(Data excerpts)

····················

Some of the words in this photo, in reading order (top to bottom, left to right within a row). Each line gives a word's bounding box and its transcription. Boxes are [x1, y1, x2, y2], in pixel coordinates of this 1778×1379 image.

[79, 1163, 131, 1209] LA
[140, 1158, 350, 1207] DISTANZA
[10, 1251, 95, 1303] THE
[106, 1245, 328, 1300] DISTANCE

····················

▶ **Exercise aim**
Go through the records and output them all, word for word.

▶ **Completed exercise**
Some of the words in this photo, in reading order (top to bottom, left to right within a row). Each line gives a word's bounding box and its transcription. Boxes are [x1, y1, x2, y2], in pixel coordinates of this 1778×1379 image.

[79, 1163, 131, 1209] LA
[140, 1158, 350, 1207] DISTANZA
[10, 1251, 95, 1303] THE
[106, 1245, 328, 1300] DISTANCE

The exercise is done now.